If passed, Assembly Bill No. 1330 (the “Bill”), introduced in February of 2018 and sponsored by Assemblyman Reed Gusciora, would enable licensed businesses to plant, grow, harvest, possess, process, distribute, buy and sell industrial hemp for commercial purposes. The Bill defines industrial hemp as an agricultural product that is part of the plant of any variety of Cannabis sativa L. with a delta-9-tetrahydrocannabinol (“THC”) concentration of 0.3% or less on a dry weight basis. This threshold of THC is intended to ensure that legally harvested industrial hemp maintains no more than a small percentage of THC, the psychoactive, “high-producing” ingredient in marijuana. To ensure compliance, the Bill requires that licensees submit, on an annual basis, documentation confirming that such industrial hemp is of a permissible type and THC concentration.
Pursuant to the Bill, prospective growers and distributors must apply to the Secretary of Agriculture (the “Secretary”) for an industrial hemp license, which must include specific documentation with respect to, and a legal description of, the land to be used for growth and production of the crop. Applicants are also required to submit to fingerprinting and both a nationwide and statewide criminal history and background check by the Department of Law and Public Safety and/or the Federal Bureau of Investigation. All issued licenses will be valid only for the site or sites specified in the license, and for a period of one (1) year from the date of issuance, unless otherwise adjusted by the Department of Agriculture to align with the normal growing season and to facilitate reasonable harvesting, processing and sale or distribution timing.

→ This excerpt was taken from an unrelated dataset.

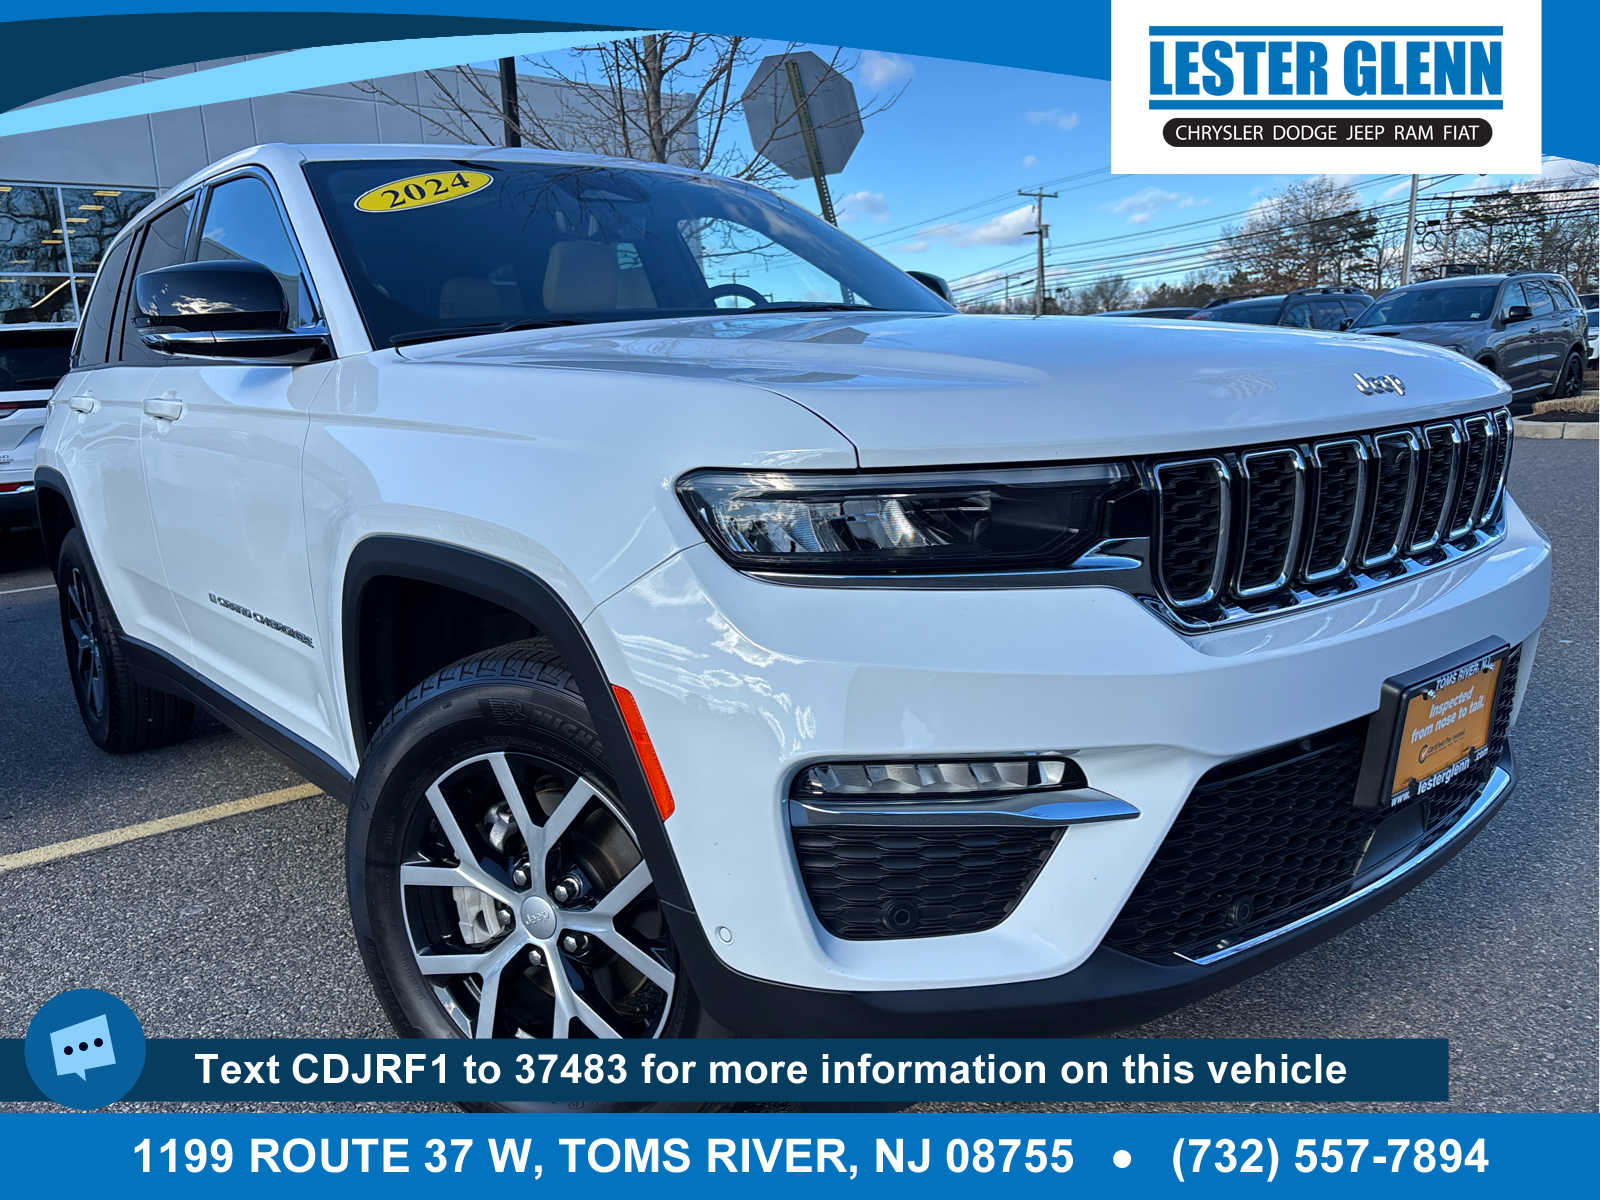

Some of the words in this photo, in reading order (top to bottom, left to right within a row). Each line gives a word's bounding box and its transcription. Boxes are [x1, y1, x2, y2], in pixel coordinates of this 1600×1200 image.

The Bill also tasks the Secretary, in consultation with the Attorney General, to adopt certain rules and regulations facilitating administration and enforcement. These regulations include (1) the establishment of approved varieties of industrial hemp and methods to distinguish it from other types of marijuana, (2) testing protocol for THC levels, (3) licensing requirements, fees and renewal procedures, and (4) penalties for administration and enforcement. Finally, the Bill requires that licensees notify the Secretary and the Attorney General of all sales or distributions of industrial hemp during the calendar year, and identify by name and address each distributee of industrial hemp for such calendar year.
Beyond the Bill, industrial hemp would be subject to the protections of the Right to Farm Act, and the land used for its cultivation may be eligible for valuation and taxation benefits provided by the New Jersey Farmland Assessment Act of 1964 – an Act permitting land actively devoted to agricultural use to be assessed at its productivity value, which is often less than the property tax assessment value of the property.
The enactment of the Bill is poised to offer a substantial boost to New Jersey’s agricultural industry, introducing what some view as a new “cash crop” to New Jersey’s repertoire and would afford New Jersey farmers the opportunity to diversify their products and compete in a nearly $500 million industry, catalyzing manufacturing and economic opportunity across the State. The Bill now also finds federal legislative support, following introduction of the Hemp Farming Act of 2018 in late April, co-sponsored by Senate Majority Leader Mitch McConnell (R-KY) and Senate Minority Leader Charles E. Schumer (D-NY). The federal bill, among other things, would remove industrial hemp from Schedule I of the Controlled Substances Act, and would empower the states to be the primary regulators of the industry.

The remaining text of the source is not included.